Abstract:
An electric radiant heating system for heating building interior living and working space. The system comprises an electric resistance heating cable embedded in a cementitious thermal mass for transferring thermal energy to the thermal mass when an electric current is applied to the cable. The system utilizes a wall-mountable line voltage thermostat control to detect the temperature of the surrounding air, compare it to a selectable reference temperature, and perform a number of functions automatically depending on the results of the temperature comparison. High limit sensors, composed of bimetal strips, detect the temperature of the electric heating cable, sending a signal to the control means to interrupt power to the electric heating system when the electric resistance heating cable reaches a predetermined temperature. Cable-retaining hardware secures the electric resistance heating cable at regularly spaced intervals to the subfloor. The hardware holds portions of the cable above the subfloor to help suspend the cable in the cementitious underlayment layer. The cable is entirely suspended and surrounded by the underlayment during pouring of the cementitious slurry so that the cable does not contact the subfloor.

Description:
FIELD OF THE INVENTION 
     The invention relates to an improved electric floor heating system to heat buildings and other living and working areas utilizing electrical resistance heating. 
     BACKGROUND OF THE INVENTION 
     In heating the interiors of buildings, several conventional heating methods have been employed, including hot water/steam and forced air heating. Generally, these heating methods require the installation of large air ducts or extensive water piping, both of which take up a considerable amount of space within a building and require careful planning for locations of vents, radiators, and so forth. Vents and ducts tend to obstruct living and working areas within a building and require other components of the building (ceilings, walls, etc.) to be designed around them. Some hot water systems include piping which is embedded in a flooring or ceiling material through which warm water is circulated to heat a building. In some geographic localities, however, electrical power is cheaper than gas, and direct electric heating is desired. 

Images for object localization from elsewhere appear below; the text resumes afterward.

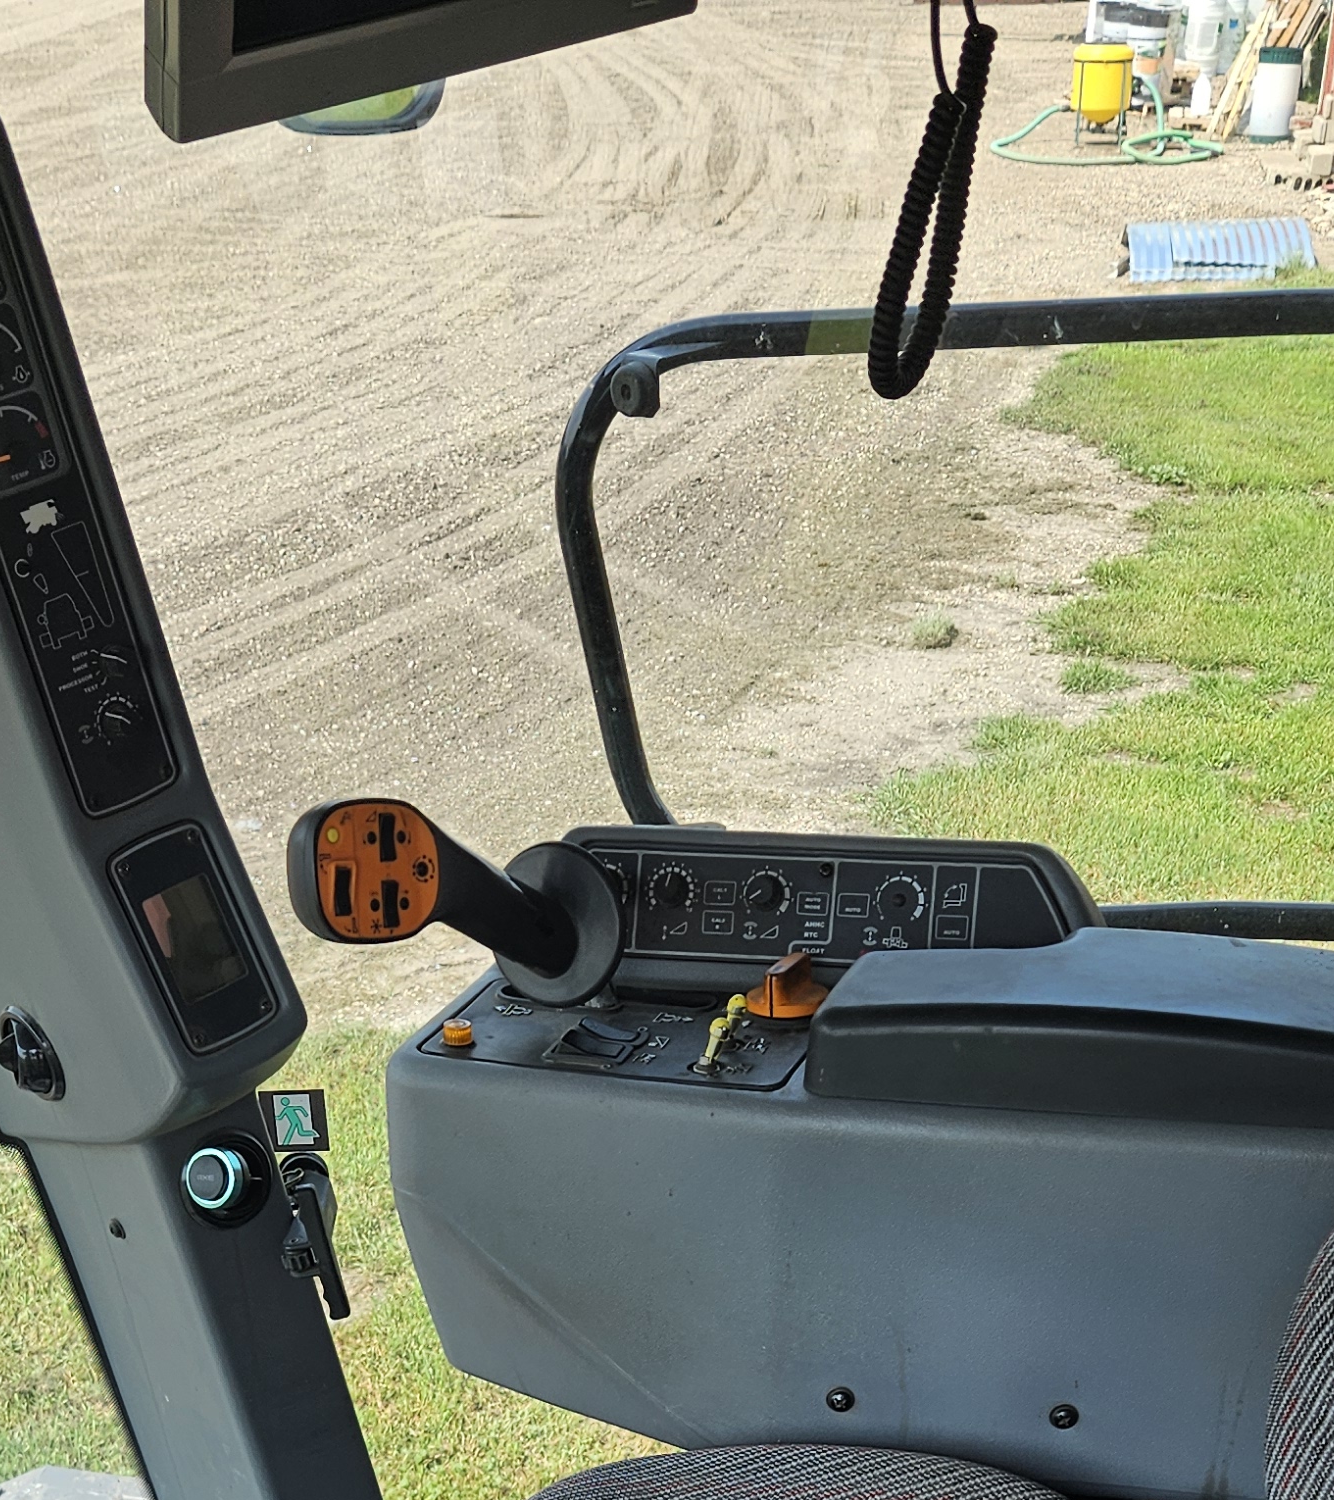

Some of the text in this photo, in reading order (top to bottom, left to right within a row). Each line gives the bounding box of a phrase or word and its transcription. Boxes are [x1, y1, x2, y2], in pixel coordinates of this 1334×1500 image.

[11, 470, 29, 481] TEMP
[71, 650, 88, 662] BOTH
[58, 673, 93, 692] PROCESSOR
[83, 683, 99, 694] TEST
[802, 947, 825, 955] FLOAT
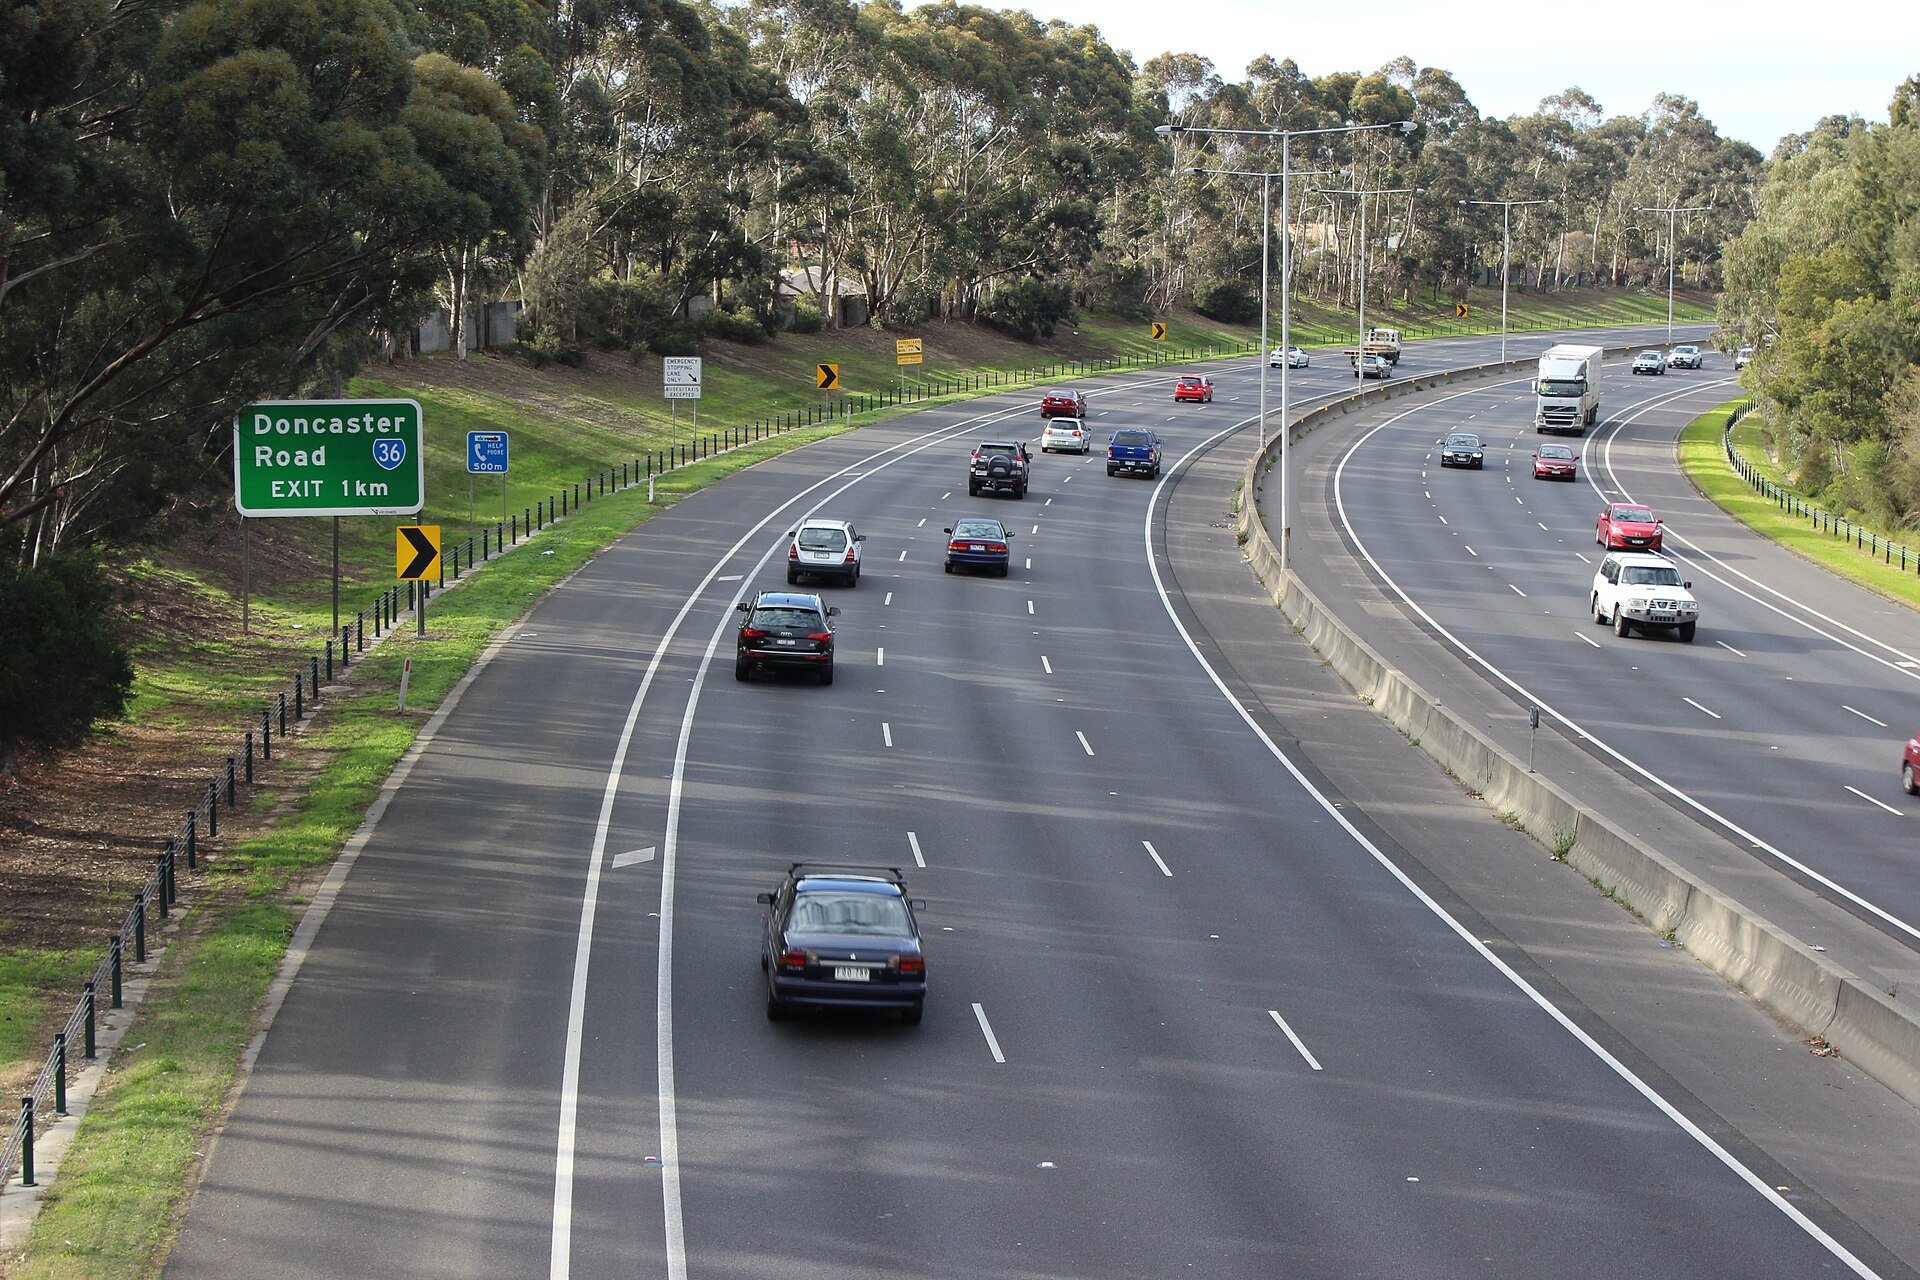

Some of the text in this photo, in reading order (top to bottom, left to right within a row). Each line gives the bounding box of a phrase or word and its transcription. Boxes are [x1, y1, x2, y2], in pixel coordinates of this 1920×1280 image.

[254, 413, 405, 435] Doncaster
[255, 445, 326, 467] Road
[378, 443, 400, 462] 36
[271, 480, 324, 498] EXIT

     Electric heating cables have been employed to heat cement slabs and the like by being positioned in a sand layer beneath the slabs. High limit switches have been employed adjacent the cables to sense the cable temperatures and to prevent the cables from-overheating. Temperature sensors imbedded in the concrete slabs regulate the electric current supplied to the heating cable, therefore being regulated room heat by controlling the temperature of the concrete beneath which, embedded in sand, were the electric heating cables. Positioning the temperature sensors in the room air space above the flooring resulted in prohibitively long response times. 

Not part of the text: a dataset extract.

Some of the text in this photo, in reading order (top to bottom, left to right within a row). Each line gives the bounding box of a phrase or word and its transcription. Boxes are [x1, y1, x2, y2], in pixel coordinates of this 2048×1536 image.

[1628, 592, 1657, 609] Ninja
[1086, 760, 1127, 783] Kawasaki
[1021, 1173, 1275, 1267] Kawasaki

     SUMMARY OF THE INVENTION 
     The present invention relates to an electric floor heating system comprising an electric resistance heating cable, through which an electric current is passed, and which is embedded in a layer of gypsum cement-based floor underlayment. Conventional flooring material is carried by the upper surface of the underlayment. A thermostat is carried above the flooring for sensing air temperature and for responsively supplying electrical power to the heating cable when the sensed temperature is below a preset air temperature. A high temperature limit sensor is used to detect the temperature of the embedded electric heating cable. When the high temperature limit sensor senses a cable temperature above a predetermined temperature, the sensor signals the control means to halt the flow of electric current to the heating cables. The high tempeature sensors thereby keep the hydrated gypsum thermal mass from reaching a calcination temperature. 

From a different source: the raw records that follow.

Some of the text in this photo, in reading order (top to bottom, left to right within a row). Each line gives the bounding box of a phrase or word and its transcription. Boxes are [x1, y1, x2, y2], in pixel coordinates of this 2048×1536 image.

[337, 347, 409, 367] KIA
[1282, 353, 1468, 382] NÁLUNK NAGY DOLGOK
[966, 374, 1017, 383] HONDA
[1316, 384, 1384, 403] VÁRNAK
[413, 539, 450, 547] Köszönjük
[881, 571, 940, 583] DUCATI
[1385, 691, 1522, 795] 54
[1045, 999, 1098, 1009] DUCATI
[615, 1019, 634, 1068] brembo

     We have found that if the electric cables are embedded in a reasonably thin (e.g., about one inch in thickness) floor underlayment layer made of calcium sulfate hemihydrate-based materials having relatively high calcination temperatures, the temperature of the air within a room can be readily regulated through the use of an air temperature-sensing thermostat. Reasonable response times are thus provided even when the floor underlayment is provided with an overlayer of padding and carpeting or other insulating materials since the thermal mass provided by the calcium sulfate hemihydrate based flooring, in the thicknesses used, transmits heat readily to the top of the underlayment layer. 
    
    
     BRIEF DESCRIPTION OF THE DRAWINGS 
     FIG. 1 is a cross-sectional view of an electric resistance heating cable which is embedded in a cementitious thermal mass; 
     FIG. 2 is a perspective view of a cable retaining molding; 
     FIG. 2A is a cross sectional view taken along line A--A of FIG. 2A; 
     FIG. 3 is a perspective view of the electric resistance heating system of the invention; 
     FIG. 3A is an enlgarged view of the portion within circle 3A of FIG. 3; and 
     FIG. 4 is a schematic representation of the heating system. 
    
    
     DETAILED DESCRIPTION OF THE PREFERRED EMBODIMENT 
     The electric floor heating system of the invention operates by supplying an electric current to an electric resistance heating cable (19) to heat a cementitious thermal mass (44). The cementitious thermal mass (44) conducts thermal energy to the flooring material in contact with it which in turn heats the surrounding room air. Electric resistance heating cable (19) is commercially available from many manufacturers. The electric resistance heating cable (19) desirably comprises an inner twisted copper wire (20) spirally intertwined with a strand of fiberous material (21) to allow for thermal expansion and contraction of the wire (20). The copper wire (20) and the fiberous strand (21) may be sheathed in a fairly soft, flexible wire body coating (22) over which in turn is carried a substantially stiffer, abrasion resistant coating (23) of, e.g., clear PVC (polyvinyl chloride). Finally, over the PVC coating (23) is carried an outer ground wire (24) desirably composed of a plurality of braided brass strands. 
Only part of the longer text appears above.